Vermont’s course to a resilient recovery

MONTPELIER, Vt. – For weeks, Vermont garnered attention, posting some of the lowest numbers for confirmed new cases of COVID-19 in the nation, according to information provided by the Centers for Disease Control and Prevention. Yet, Gov. Phil Scott isn’t taking any chances. As the month of August began, Scott ushered in a mandatory mask requirement for the state of Vermont. Public schools will reopen Sept. 8 to give faculty and staff more time to prepare for teaching in this unfamiliar pandemic environment. Life, as residents have known it, has changed; regardless of how few or how many, COVID-19 has left its mark. What lies ahead now is a road to recovery.

State, local, rural, nonprofit agencies, federal partners, and FEMA have been paving that road since the pandemic surfaced. “This is the most significant disaster in terms of size, scope, scarcity, and also susceptibility that our agency has faced in its 41-year history,” said Regional Administrator and Federal Coordinating Officer Captain Russ Webster, who oversees FEMA’s operations in Vermont. “I can’t think of a single FEMA member who hasn’t had a friend or a family member affected by the COVID virus.”

In January, FEMA and the U.S. Department of Health & Human Services Office of the Assistant Secretary for Preparedness and Response joined forces to track, analyze, and prepare for COVID, coordinating with numerous partners to support communities with resources needed to combat the virus. More than $11.6 million in federal Disaster Relief Funds have been granted to Vermont. As of Aug. 3, the federal government provided a significant amount of Personal Protective Equipment to the state, including more than 783,000 gloves; 211,000 N95 respirator masks; 70,000 face shields; and 100,000 non-surgical gowns.

FEMA also approved $12,516,240 for the Vermont Agency of Human Services to help defray the costs of preparing for and responding to COVID-19 under FEMA’s Public Assistance program.

“We’re here for the long haul,” said Webster. “The projects that Public Assistance grants fund are necessary to support Vermont on its road to recovery. It’s critical to the mission.”

During the incident period, the COVID-19 pandemic created an immediate threat to the health and safety of the general public requiring emergency response and protective measures. In response to the pandemic, the state of Vermont utilized contracts for non-congregate sheltering for individuals that include high-risk populations, and those who had been exposed to COVID-19 who are considered high risk to COVID-19.

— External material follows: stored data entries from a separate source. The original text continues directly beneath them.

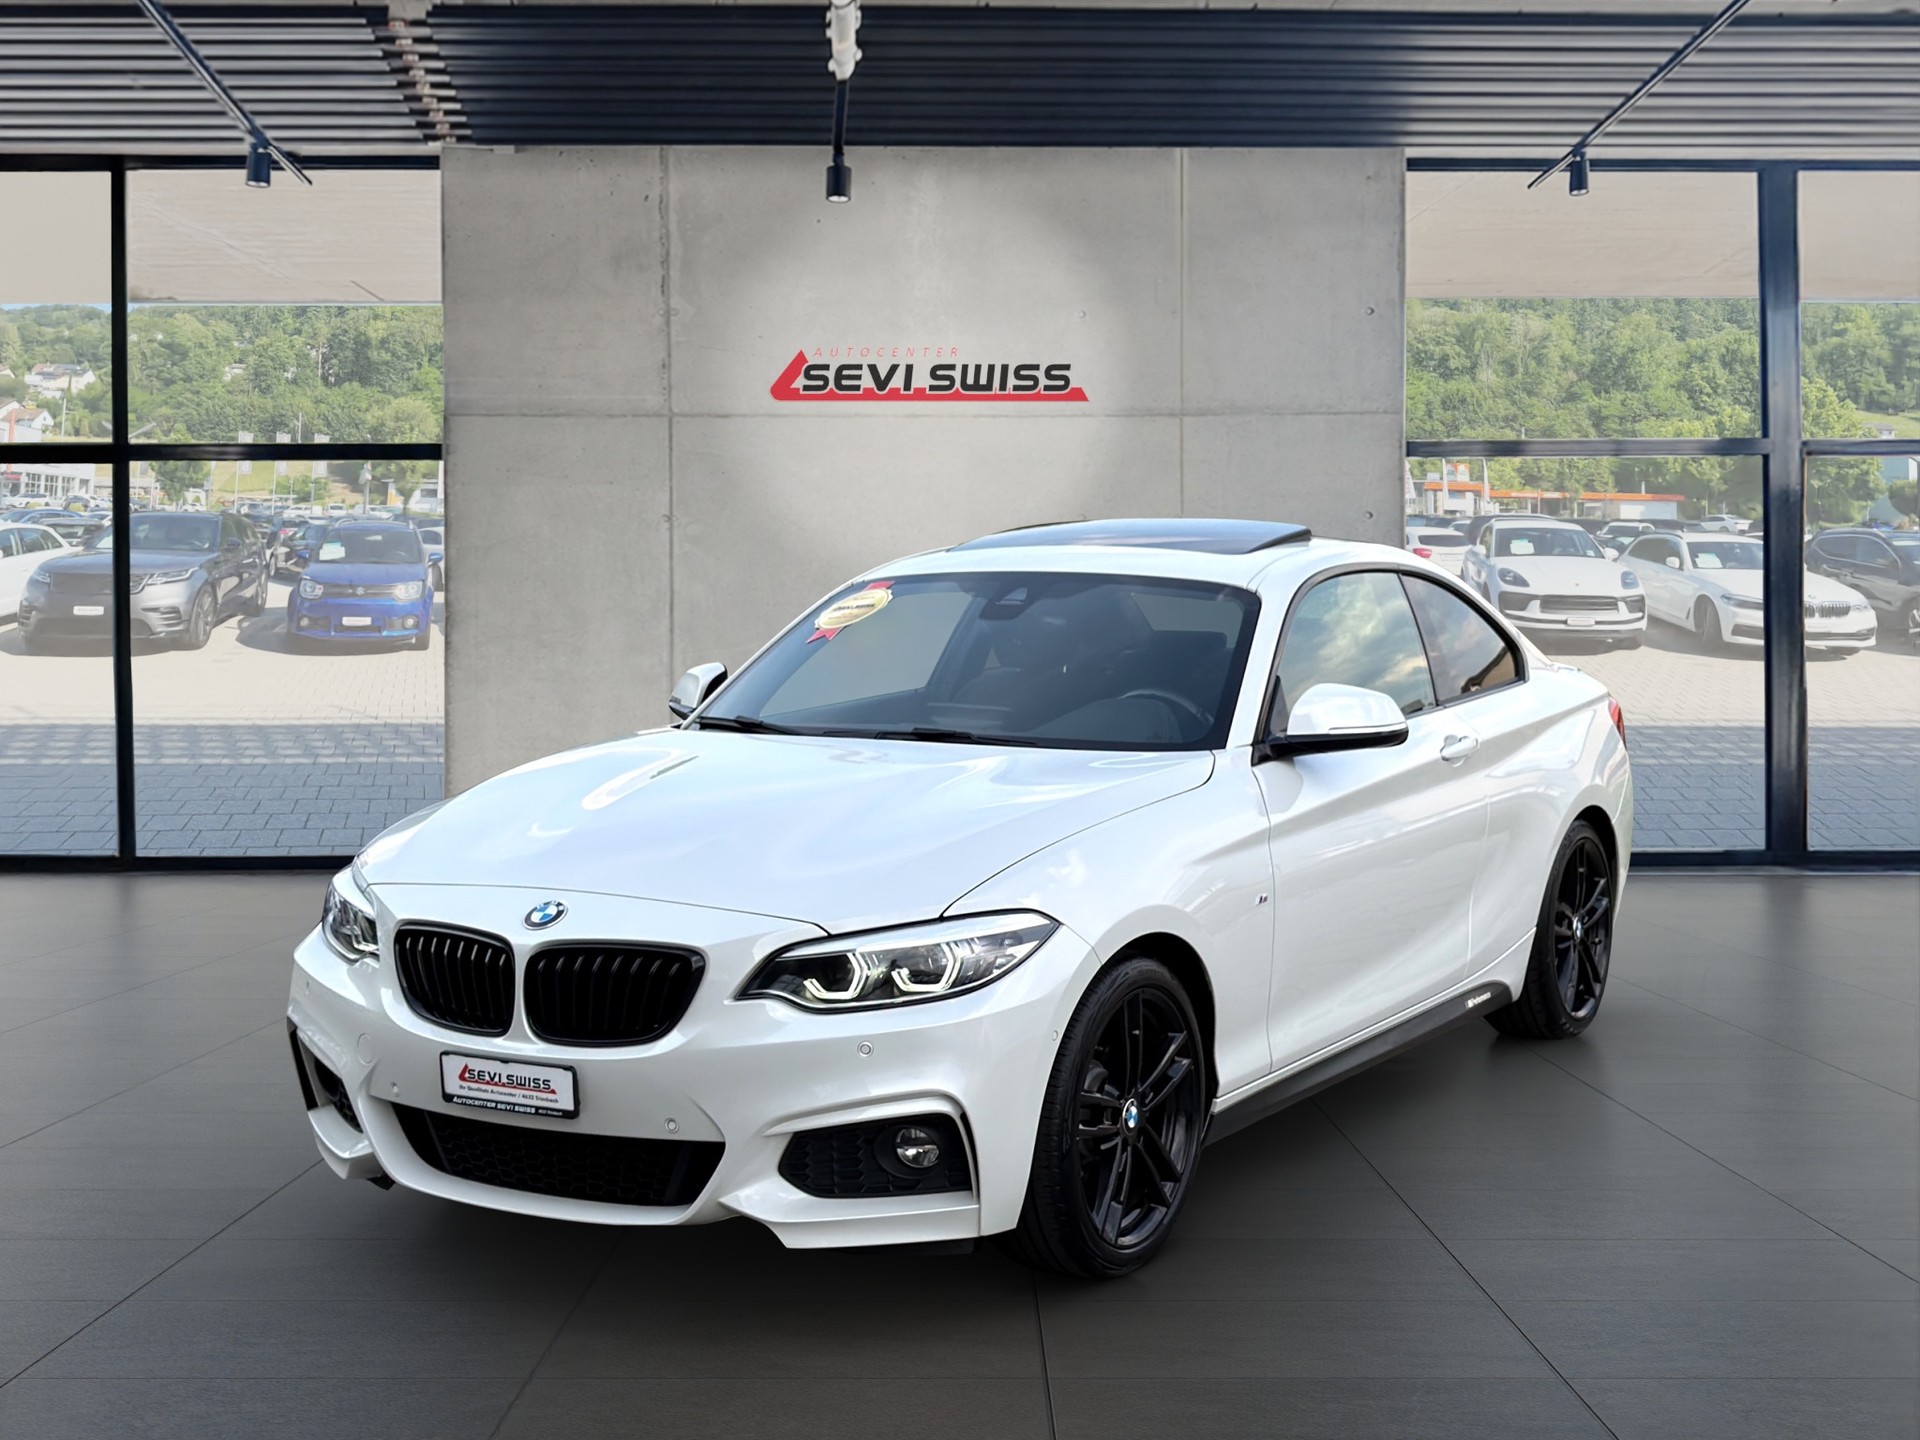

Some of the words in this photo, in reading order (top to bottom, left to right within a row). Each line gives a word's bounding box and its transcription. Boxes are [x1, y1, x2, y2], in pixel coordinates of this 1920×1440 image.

[813, 347, 960, 358] AUTOCENTER
[801, 363, 914, 392] SEVI
[928, 363, 1072, 392] SWISS
[467, 1069, 502, 1083] SEVI
[506, 1074, 551, 1090] SWISS
[497, 1103, 513, 1111] SEVI
[514, 1106, 536, 1114] SWISS

Providing for the people of Vermont during these stressful times FEMA, in close coordination with the Substance Abuse and Mental Health Administration, has provided $140,645 through the Crisis Counseling Program Immediate Services Program to help counsel those affected by all aspects of COVID-19. The ISP grant was awarded May 26, originally funding the program for 60 days, however, the state of Vermont requested, and was granted, a 60-day extension, through Sept. 27, 2020.

“FEMA’s mission has, and will always be, to support people before, during, and after a disaster,” said Webster. “The crisis counseling program is imperative to doing just that.”

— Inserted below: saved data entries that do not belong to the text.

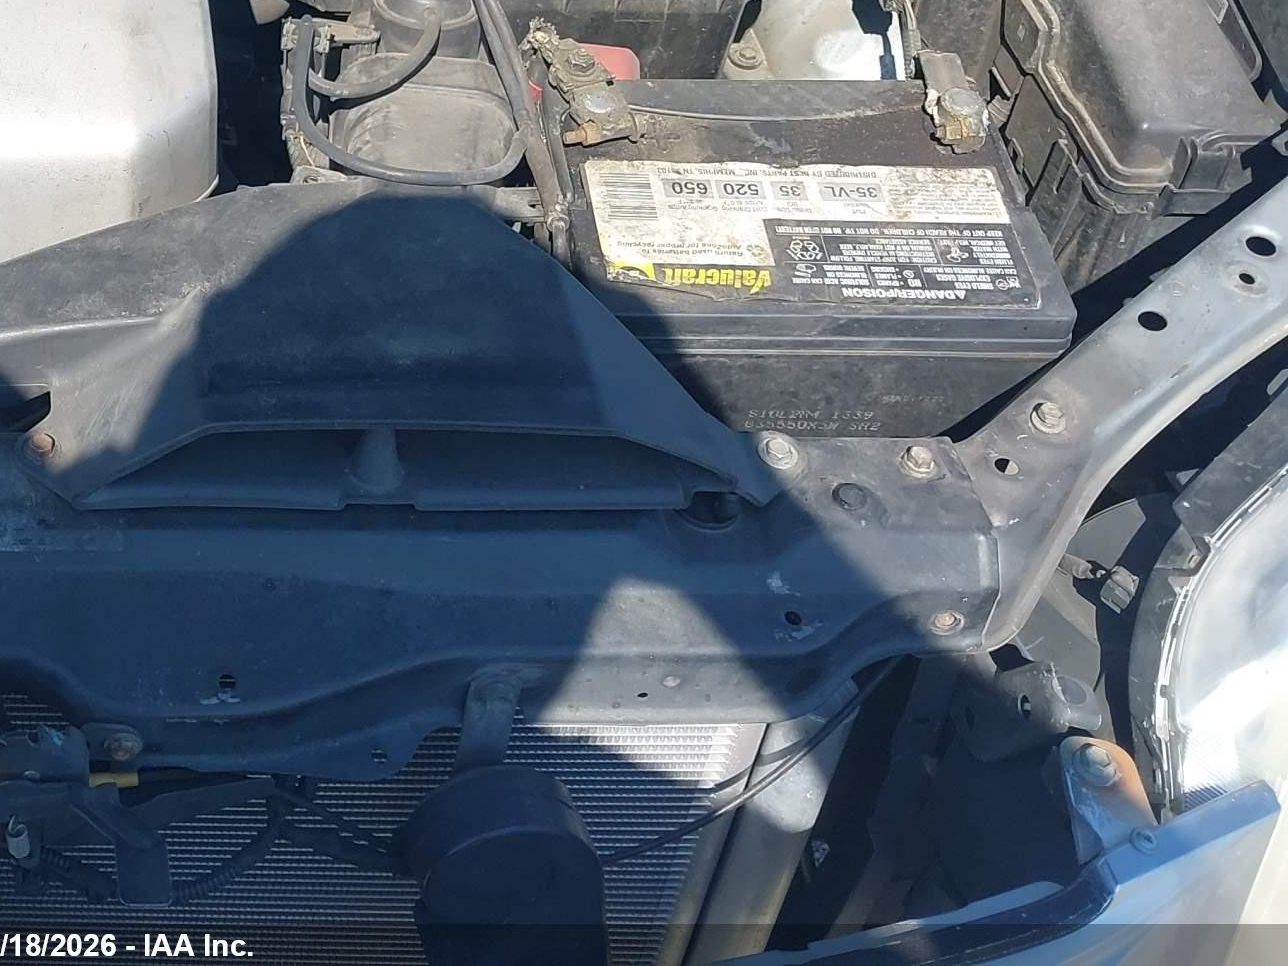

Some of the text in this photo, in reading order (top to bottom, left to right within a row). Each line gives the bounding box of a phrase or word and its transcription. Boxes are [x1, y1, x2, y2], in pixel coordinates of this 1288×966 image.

[671, 182, 708, 195] 650
[723, 183, 759, 195] 520
[779, 186, 800, 197] 35
[823, 186, 878, 198] 35-VL
[662, 268, 771, 294] Valucraft
[908, 279, 922, 287] NO
[841, 288, 955, 299] DANGER/POISON

Due to the COVID-19 nationwide emergency and the need to protect the safety and health of all Americans, Crisis Counseling services, which are free and anonymous, can be provided via telephone, internet, or social media. Vermont’s crisis counseling program, “COVIDSupportVT” offers resources for businesses, individuals, and communities and can be accessed at,, and

In addition to resources and funding, FEMA’s role is to increase communication and collaboration among stakeholders, and support disaster recovery planning by leveraging opportunities to recover stronger, safer, and smarter. A Long-Term Recovery Task Force was formed to chart the resurgence process in FEMA Region 1, which includes the states of Vermont, Connecticut, Maine, Massachusetts, New Hampshire, and Rhode Island. One of the group’s first steps was to do a Rapid Needs Assessment for each state. The Global Resilience Institute recently completed its Rapid Needs Assessment for the state of Vermont and is being reviewed by the state.

The “representative” communities selected by Vermont were Bennington, Middlebury, and Newport, where the GRI conducted 89 interviews with public officials, private sector leaders, and community leaders in the nonprofit and social services sectors to form an understanding of the impacts COVID-19 had on the communities studied.

“With the state’s concurrence, what we will do with the information from the Rapid Needs Assessment is bring together the appropriate federal agencies, among the 108 federal agencies that are partnered to the CARES Act,” said Webster. “And then with a laser-focus, we will facilitate discussions with state officials on how they can quickly access CARES Act funding.”

The findings and recommendations for long-term recovery will consider the conditions experienced by towns and cities of different sizes and economic characteristics. The results will be made available as the review and analyses are completed.

Key issues identified are dairy, tourism, and healthcare have been heavily impacted; food and housing insecurities are core challenges; and investments should be considered in workforce development and broadband infrastructure.